Failed envelope preprocessing and postprocessing

Incident Report for SignatureAPI

Postmortem

Incident report: envelope processing failures during a queue infrastructure upgrade

Date: 2026-06-17

Status: Resolved

Customer impact window: ~16:03–16:10 UTC (about 7 minutes)

Summary

During a planned upgrade of the infrastructure that powers our processing queues, a brief failover caused a short window where some envelopes could not be moved between processing stages. Hundreds live envelopes failed during that window.

We have recovered every envelope that had already been signed. A smaller set that failed at creation time were not recovered automatically and needs to be submitted again. No signed documents or signature data were lost.

What happened

We upgraded the cache and queue infrastructure behind the API. The upgrade includes a failover from one node to another. The failover itself took only a few seconds, but client connections took a little longer to reconnect.

During that short window, the API could not hand envelopes to the processing queue, so those envelopes were marked as failed instead of continuing.

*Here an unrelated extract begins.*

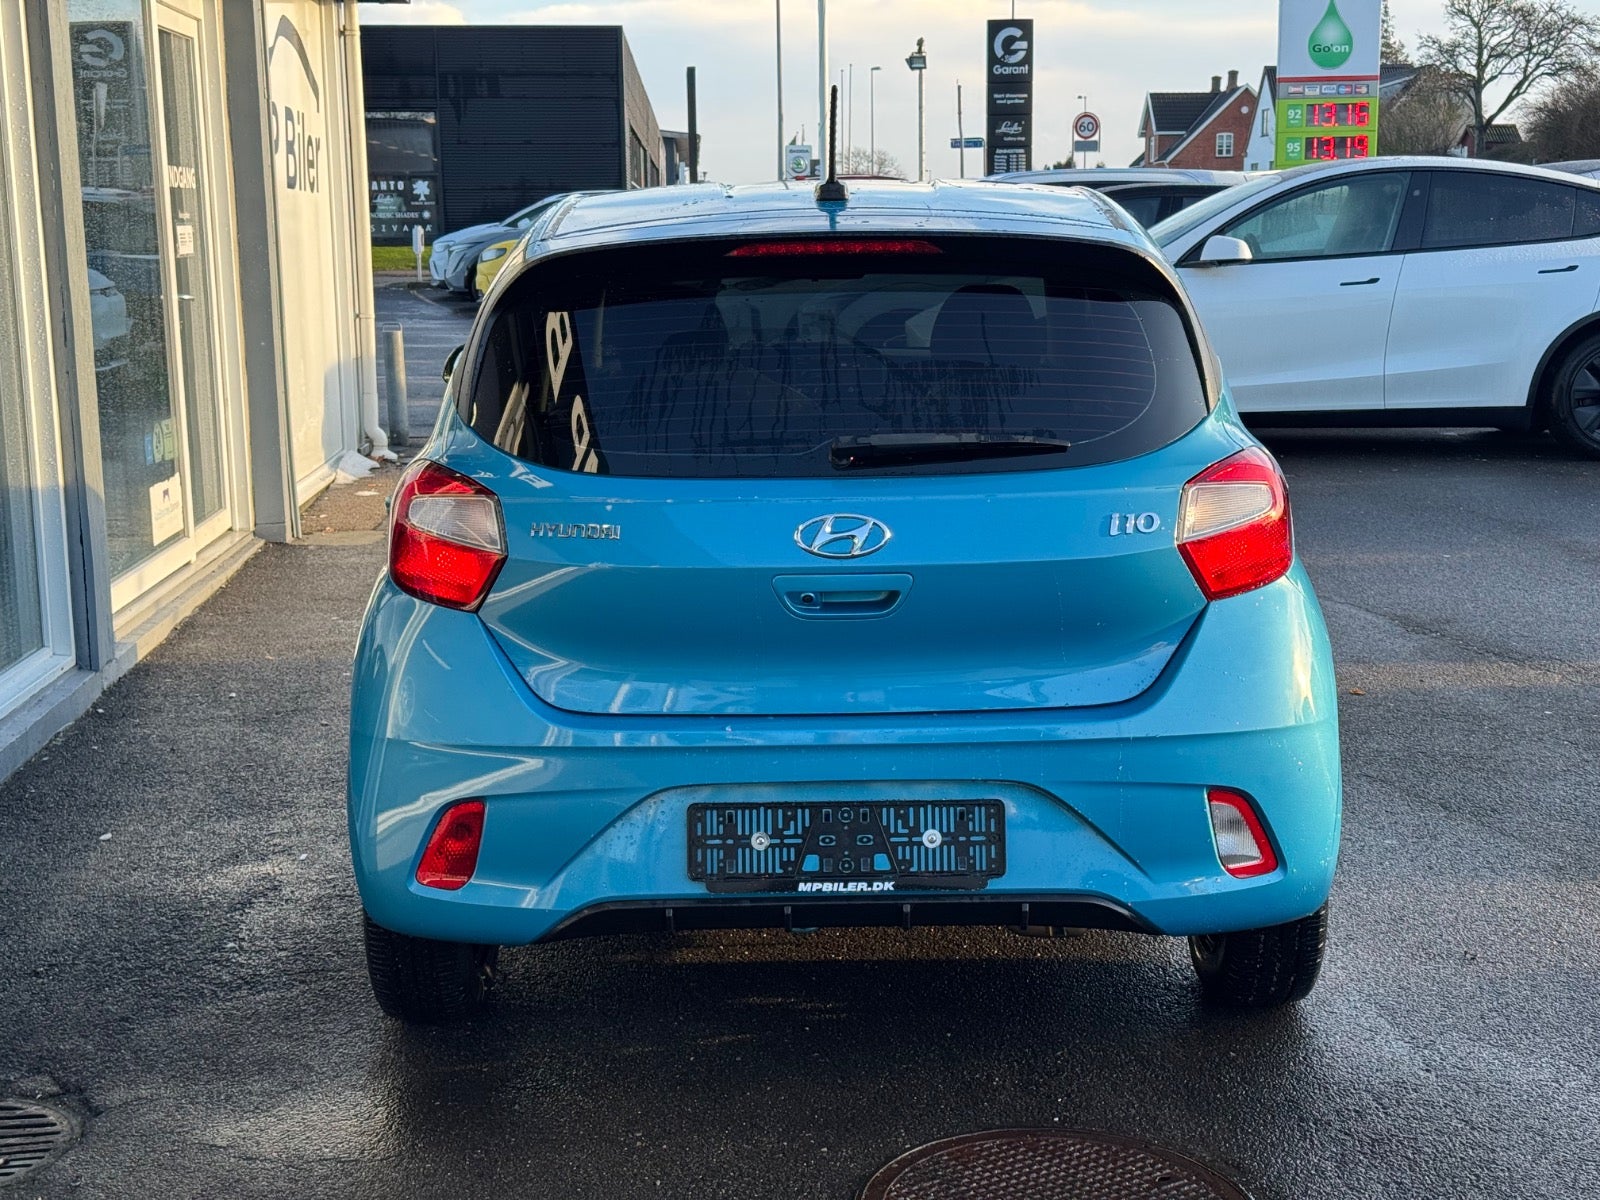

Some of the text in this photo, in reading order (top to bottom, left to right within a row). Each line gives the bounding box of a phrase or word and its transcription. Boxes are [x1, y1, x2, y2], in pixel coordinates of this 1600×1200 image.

All the other operations of the API were working as usual.

Impact

The failures fall into two groups:

  • Already-signed envelopes (recovered): envelopes where every recipient had finished signing but the final document had not yet been generated. We re-processed all of these. The signed documents were generated and delivered to recipients. No action is needed from you. These were delayed by roughly 30 minutes; there was no data loss.
  • Envelopes that failed at creation (need to be re-submitted): envelopes that failed before processing started were never created. There is nothing to recover, so these need to be created again.

The API itself stayed up throughout. Only envelopes created or finalized in the ~7-minute window were affected.

Root cause

The upgrade triggers a failover. While clients reconnected to the new node, the API briefly could not enqueue work. The API treated these short-lived enqueue errors as permanent and failed the affected envelopes, instead of retrying once the connection recovered.

How this was tested first

We did not apply this change directly to production. The underlying change was rolled out to our staging environment first. There, we deliberately rehearsed the same node failover the upgrade performs and confirmed two things: the service stayed available, and the system reconnected and recovered on its own.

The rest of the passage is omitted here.